** WHAT IS NEEDED **
In the copy, include every entry exactly but none of the pictures.

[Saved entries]
[Start of Attachment]

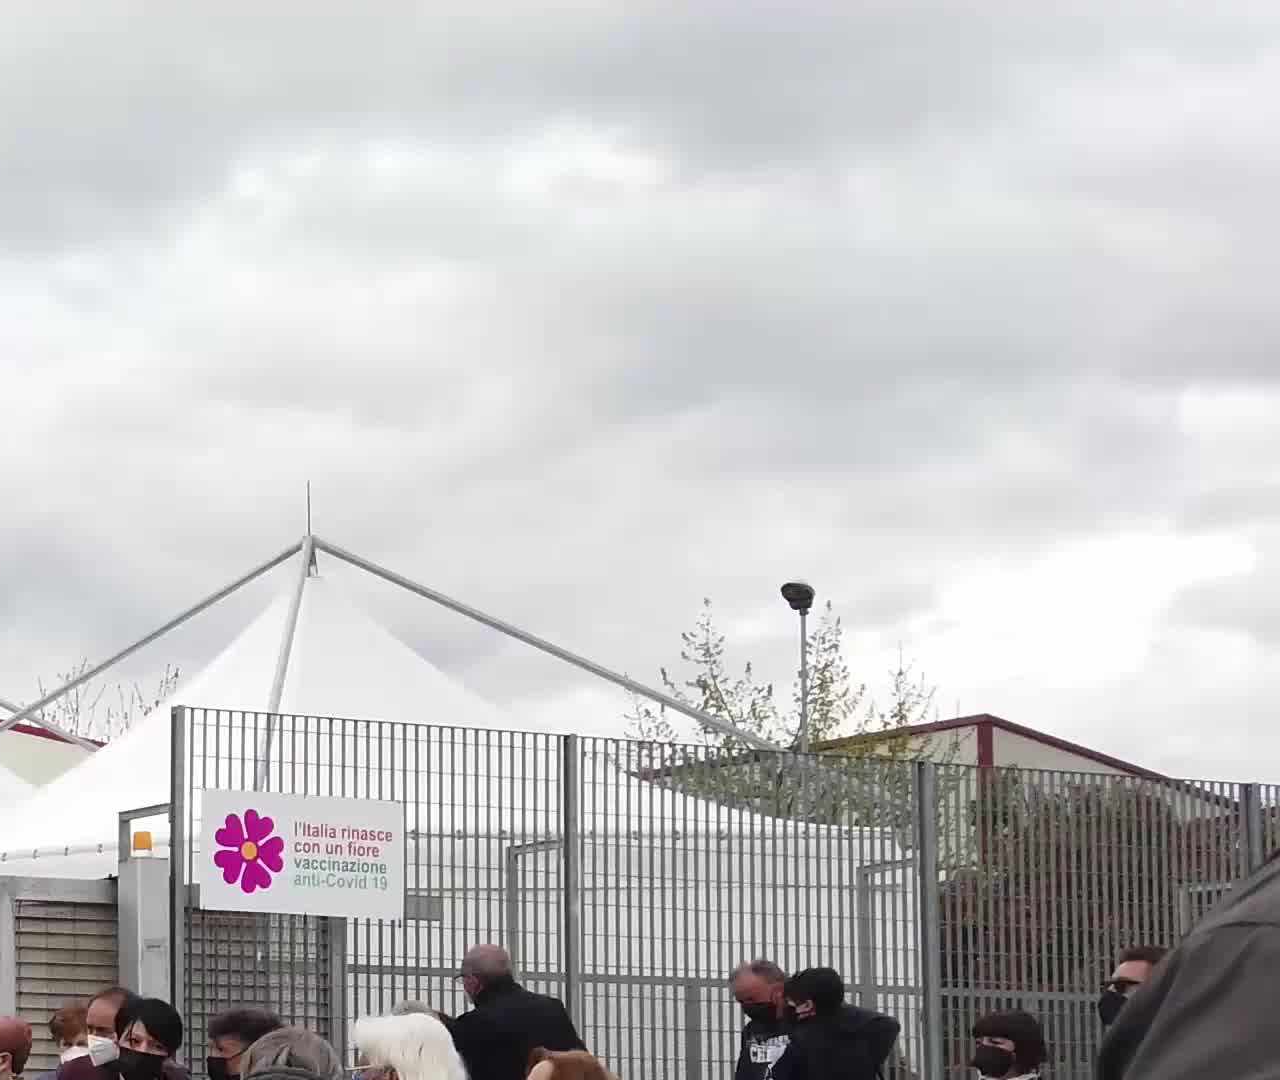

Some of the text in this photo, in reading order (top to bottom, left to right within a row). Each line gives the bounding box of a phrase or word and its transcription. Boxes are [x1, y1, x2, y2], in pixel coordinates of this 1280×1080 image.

[341, 826, 393, 842] rinasce
[294, 841, 380, 858] con un fiore
[294, 858, 387, 874] vaccinazione
[294, 873, 388, 890] anti-Covid 19

[End of Attachment]

** YOUR RESPONSE **
Some of the text in this photo, in reading order (top to bottom, left to right within a row). Each line gives the bounding box of a phrase or word and its transcription. Boxes are [x1, y1, x2, y2], in pixel coordinates of this 1280×1080 image.

[341, 826, 393, 842] rinasce
[294, 841, 380, 858] con un fiore
[294, 858, 387, 874] vaccinazione
[294, 873, 388, 890] anti-Covid 19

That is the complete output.